When the top electrode is made of tiled rectangular or square pads, the charge is collected on the pad where the particle track crossed the detector. Pad dimensions between $100\,\rm\mu m$ and $10\,\rm mm$ have been realized. Small pads (typically below $1\,\rm mm$) are called pixels.

The spatial resolution improves with smaller pixels. A principal limitation to the pixel size is the readout electronics, since each pixel needs its own amplifier channel. The electrical connection between each sensor pixel and its associated readout channel is not as easily established as with regular strip detectors, where a bond wire is placed between each strip and the corresponding amplifier channel (see section [*], p. [*]). The pixel detector geometry is two-dimensional, but wire-bonding is restricted to one dimension. A possible solution for large pad detectors is to route all pads to a single row of bonding pads on one side of the sensor, as it has been done with the Silicon Detector of the PHOBOS Experiment at RHIC [26,27]. This method reduces the connection problem to the same procedure as with strip detectors, but it implies some disadvantages: First of all, the capacitive and resistive loads dramatically increase, leading to a higher noise figure, and crosstalk problems can arise. Moreover, the manufacturing of the sensor gets complicated and thus more expensive. Such a routing solution is feasible with a pad size in the millimeter range, but impossible for small pixels as designed for CMS.

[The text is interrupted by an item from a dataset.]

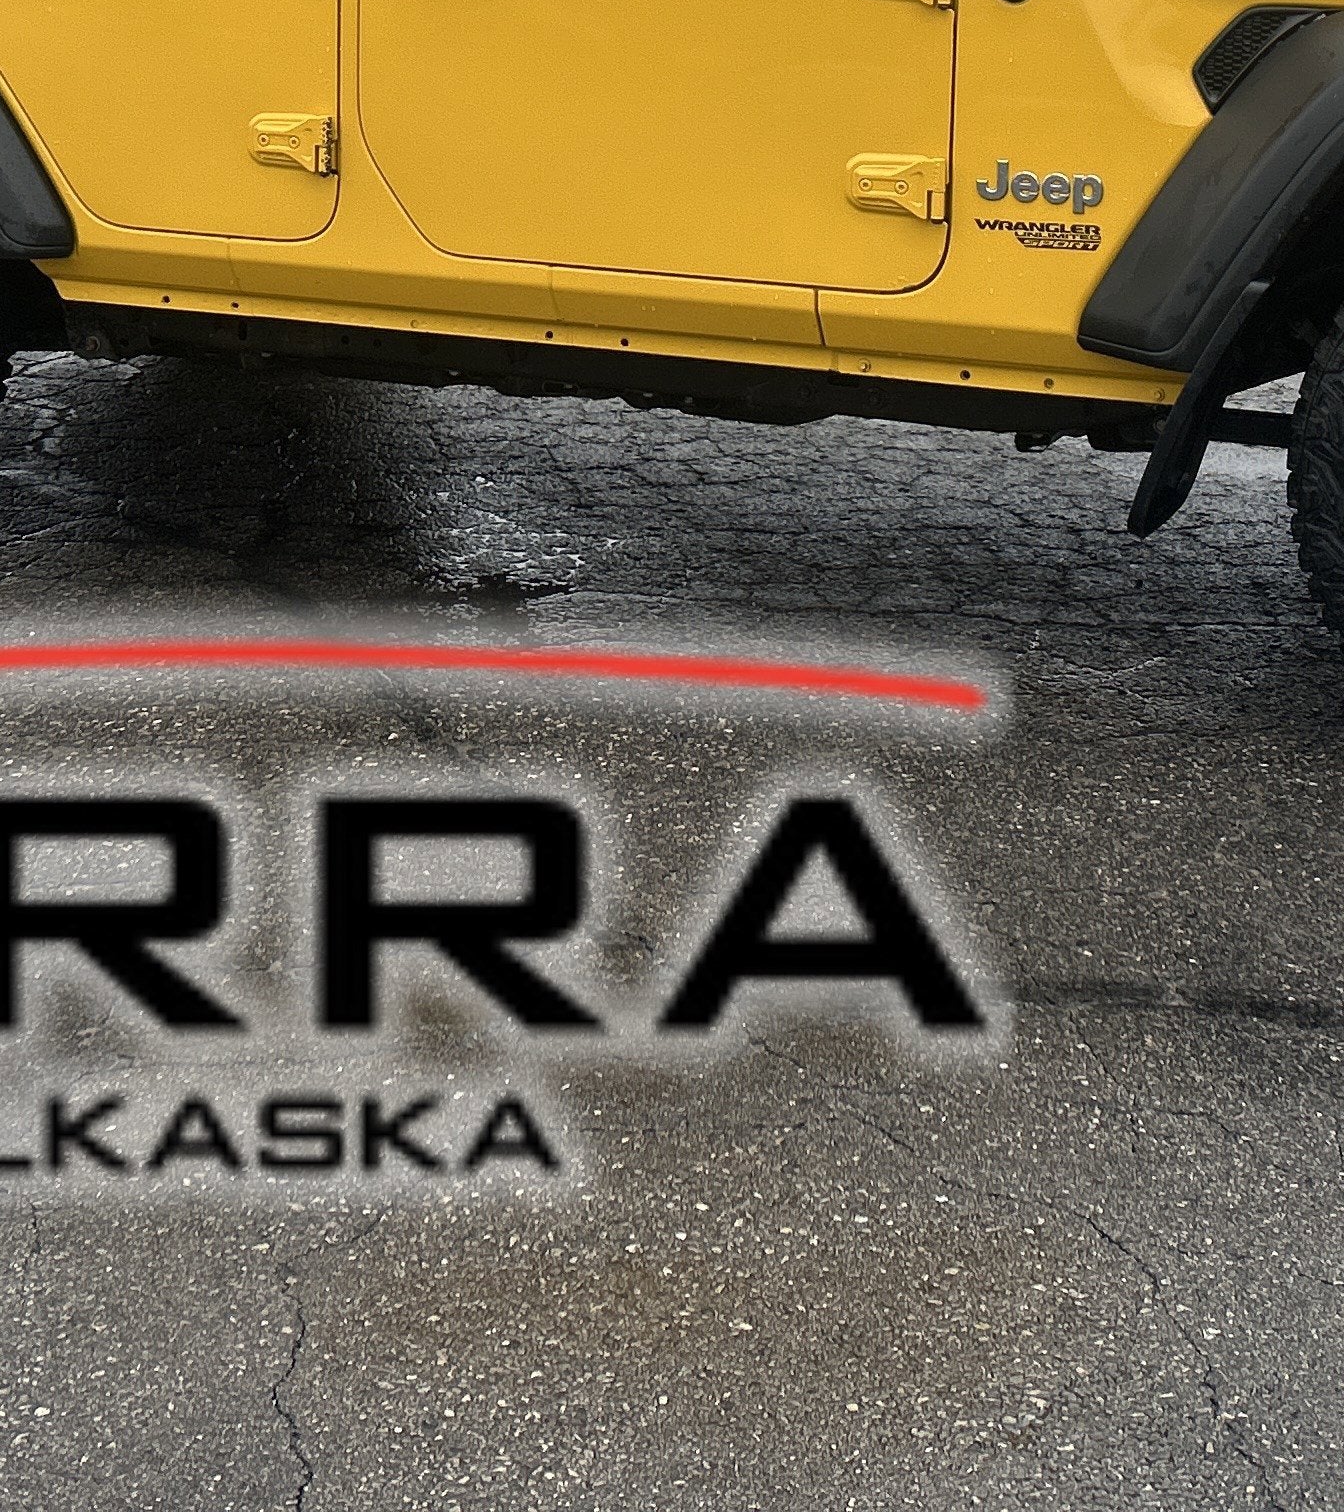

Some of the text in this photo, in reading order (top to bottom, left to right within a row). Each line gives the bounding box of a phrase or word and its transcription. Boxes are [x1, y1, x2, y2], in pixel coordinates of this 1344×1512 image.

Figure: A pixel detector, bump-bonded onto the readout chip.
\begin{figure}\centerline{\epsfig{file=pixelchip_sandwich.eps,height=7.5cm}} \protect \protect\end{figure}

The advanced solution is to connect each pixel cell directly to the corresponding readout channel in a sandwich-like compound as shown in fig. [*]. Each sensor pixel sits directly on top of the corresponding readout chip cell. Small solder bumps (e.g. made of Indium) are applied onto one or both sides and treated thermally before the connection is made. Naturally, this procedure is much more complicated than wire-bonding, and there is no possibility to inspect the bump bonds nor to repair broken connections.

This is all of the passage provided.